Items listed in a dataset
※ ※ ※

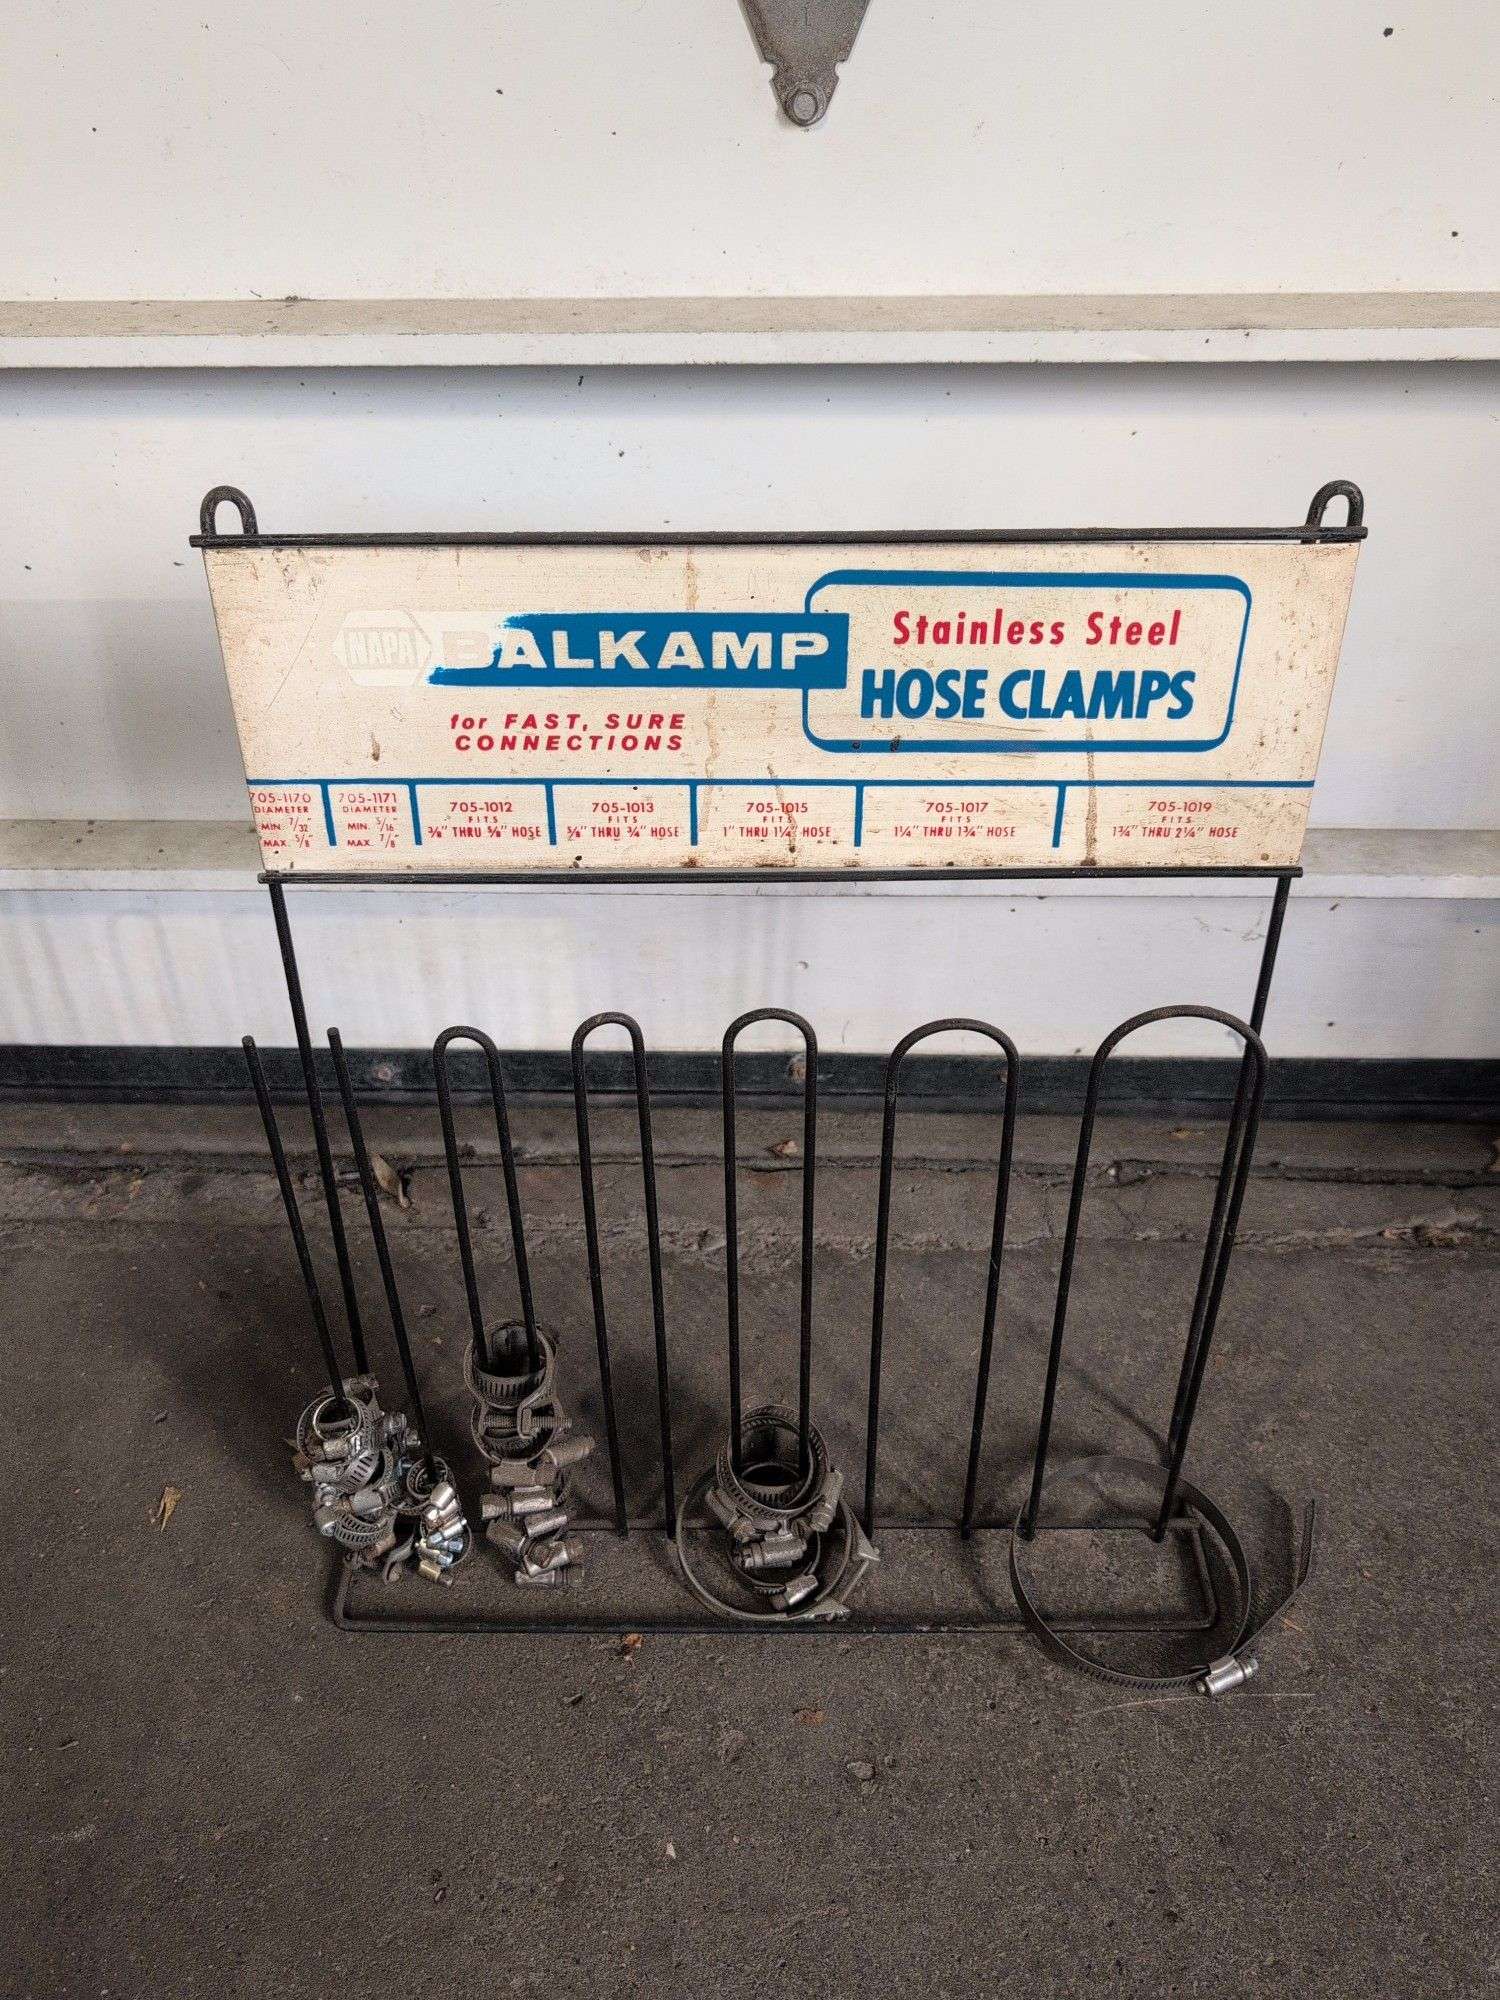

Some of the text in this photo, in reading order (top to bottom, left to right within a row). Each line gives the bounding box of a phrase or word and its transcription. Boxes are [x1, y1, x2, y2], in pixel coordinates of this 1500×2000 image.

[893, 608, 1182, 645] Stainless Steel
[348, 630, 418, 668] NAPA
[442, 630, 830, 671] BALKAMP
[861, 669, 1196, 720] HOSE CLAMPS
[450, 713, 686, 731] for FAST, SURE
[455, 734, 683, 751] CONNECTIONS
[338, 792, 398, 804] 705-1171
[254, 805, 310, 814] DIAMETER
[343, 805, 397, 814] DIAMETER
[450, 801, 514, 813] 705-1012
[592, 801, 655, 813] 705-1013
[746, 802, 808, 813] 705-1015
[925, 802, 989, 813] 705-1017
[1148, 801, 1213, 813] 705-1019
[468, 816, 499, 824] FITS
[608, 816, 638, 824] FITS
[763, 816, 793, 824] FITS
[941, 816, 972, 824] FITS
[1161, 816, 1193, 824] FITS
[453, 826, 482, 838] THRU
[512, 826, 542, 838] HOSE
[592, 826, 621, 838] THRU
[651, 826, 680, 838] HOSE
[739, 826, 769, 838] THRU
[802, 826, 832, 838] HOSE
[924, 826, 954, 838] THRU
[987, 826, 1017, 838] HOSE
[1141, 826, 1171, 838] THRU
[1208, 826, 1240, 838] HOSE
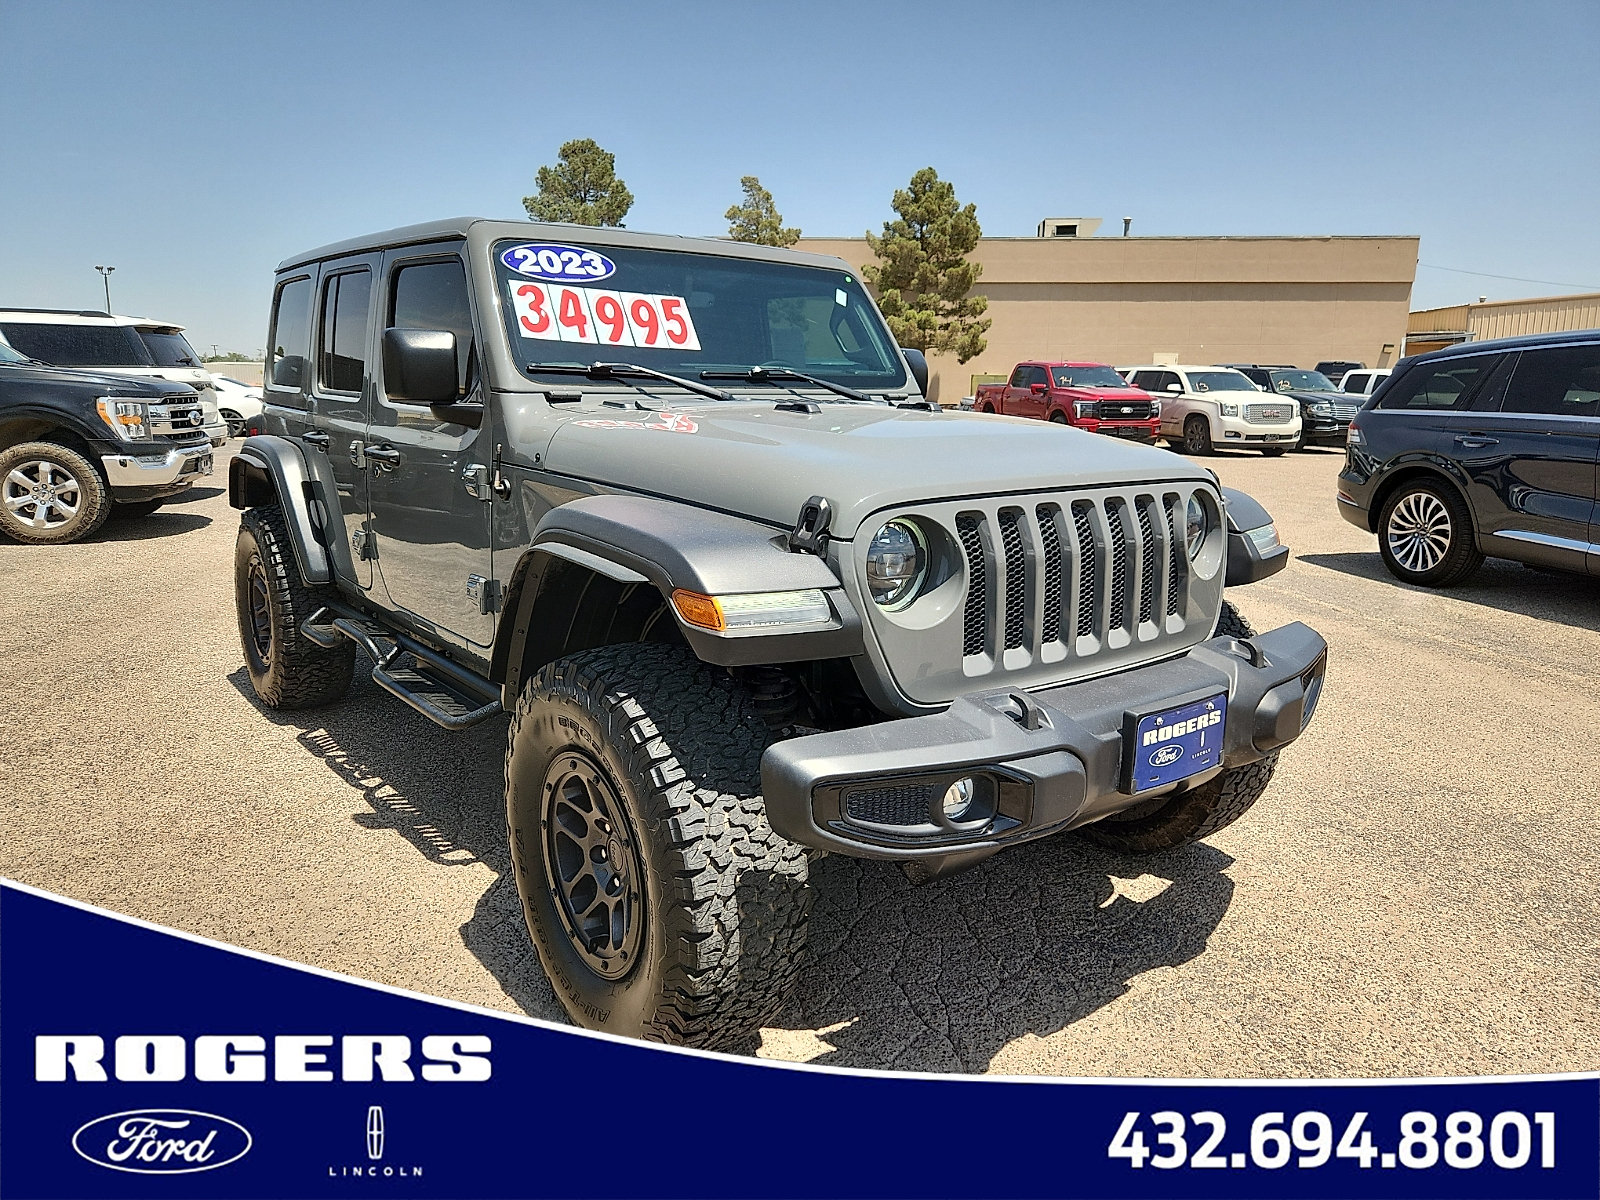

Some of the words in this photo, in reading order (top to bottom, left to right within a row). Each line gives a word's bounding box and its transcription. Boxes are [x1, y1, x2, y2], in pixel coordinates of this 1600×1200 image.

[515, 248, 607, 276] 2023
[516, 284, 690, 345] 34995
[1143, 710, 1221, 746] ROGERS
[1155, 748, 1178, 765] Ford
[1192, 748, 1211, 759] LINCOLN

※ ※ ※

What to do
Set the records down again exactly, with no pictures.

Response to this task
Some of the text in this photo, in reading order (top to bottom, left to right within a row). Each line gives the bounding box of a phrase or word and its transcription. Boxes are [x1, y1, x2, y2], in pixel coordinates of this 1500×2000 image.

[893, 608, 1182, 645] Stainless Steel
[348, 630, 418, 668] NAPA
[442, 630, 830, 671] BALKAMP
[861, 669, 1196, 720] HOSE CLAMPS
[450, 713, 686, 731] for FAST, SURE
[455, 734, 683, 751] CONNECTIONS
[338, 792, 398, 804] 705-1171
[254, 805, 310, 814] DIAMETER
[343, 805, 397, 814] DIAMETER
[450, 801, 514, 813] 705-1012
[592, 801, 655, 813] 705-1013
[746, 802, 808, 813] 705-1015
[925, 802, 989, 813] 705-1017
[1148, 801, 1213, 813] 705-1019
[468, 816, 499, 824] FITS
[608, 816, 638, 824] FITS
[763, 816, 793, 824] FITS
[941, 816, 972, 824] FITS
[1161, 816, 1193, 824] FITS
[453, 826, 482, 838] THRU
[512, 826, 542, 838] HOSE
[592, 826, 621, 838] THRU
[651, 826, 680, 838] HOSE
[739, 826, 769, 838] THRU
[802, 826, 832, 838] HOSE
[924, 826, 954, 838] THRU
[987, 826, 1017, 838] HOSE
[1141, 826, 1171, 838] THRU
[1208, 826, 1240, 838] HOSE

Some of the words in this photo, in reading order (top to bottom, left to right within a row). Each line gives a word's bounding box and its transcription. Boxes are [x1, y1, x2, y2], in pixel coordinates of this 1600×1200 image.

[515, 248, 607, 276] 2023
[516, 284, 690, 345] 34995
[1143, 710, 1221, 746] ROGERS
[1155, 748, 1178, 765] Ford
[1192, 748, 1211, 759] LINCOLN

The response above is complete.